11.1 Overview of Adfin Equities Functions

Reuters Power Plus Pro provides a set of Adfin Equities functions that price stock using different developments of the Gordon-Shapiro model:

• a zero-growth model • a constant growth model • a three-stage growth model

These functions also support regression analysis in order to find the best coefficient(s) such that one dependant variable fits a series of explanatory variables.

11.2 Adfin Equities Functions

11.2.1 AdEqDividendDiscountModel()

The AdEqDividendDiscountModel() function calculates the theoretical stock price, or internal rate of return, or risk premium from the dividend discount model.

11.2.2 Arguments

The AdEqDividendDiscountModel() is composed of seven arguments: =AdEqDividendDiscountModel(DividendArray, GrowthArray, RiskFreeRateArray, RP or Th Price, DividendStructure, RateStructure, AdMode) Name Description

DividendArray Array of dates and dividends or annual dividend rate.

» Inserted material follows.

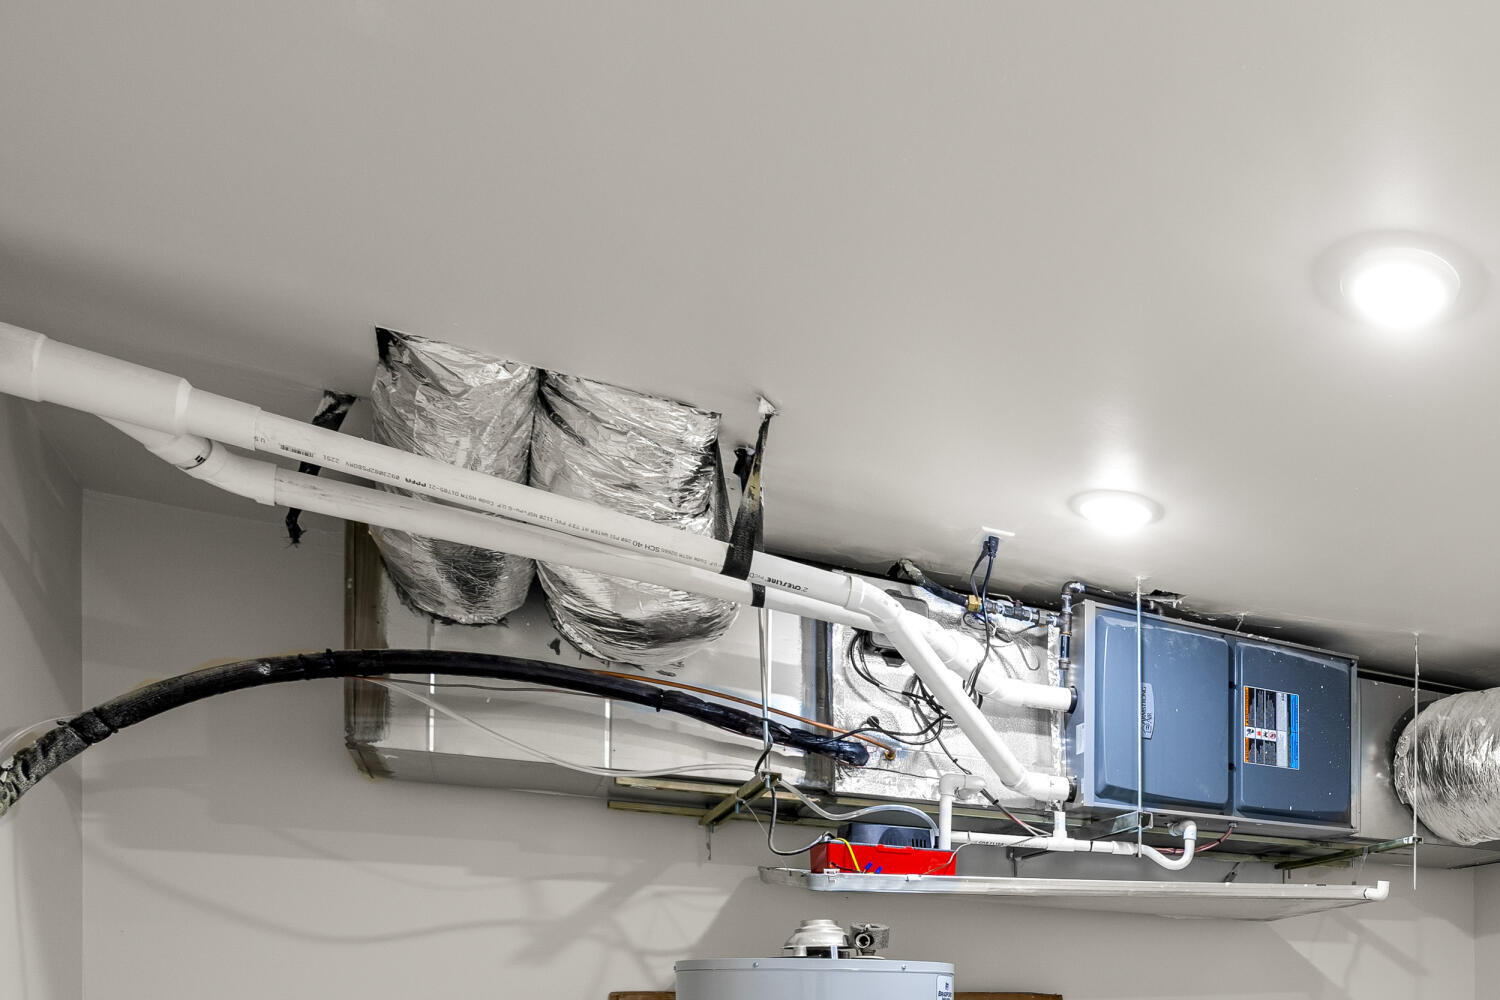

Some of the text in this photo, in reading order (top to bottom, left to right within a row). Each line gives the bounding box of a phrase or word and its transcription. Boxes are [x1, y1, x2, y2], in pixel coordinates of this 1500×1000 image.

GrowthArray Array of dates and growth: • If the dividend Scenario is Zero-Growth model:

GrowthArray=0 • If the dividend Scenario is Constant-Growth model:

GrowthArray={beginning date of the Growth; Growth}

• If the dividend Scenario is Three-Stage model: GrowthArray=

Beginning date of the 1st stage Value of the 1st growth Beginning date of the 2nd stage Value of the 2nd growth Beginning date of the 3rd stage Value of the 3rd growth

RiskFreeRateArray Array of dates and risk free rate (all rate models are allowed).

RP or Th Price Risk Premium or Theoretical Price (it depends on the returned value).

DividendStructure Extended argument defining the structure of the dividend model.

• GROWTH{EST,HIST}, EST for an estimated dividend (default value), HIST for a historical dividend.

• UD{YES,NO}, YES for a user-defined model, NO for a not user-defined (default value).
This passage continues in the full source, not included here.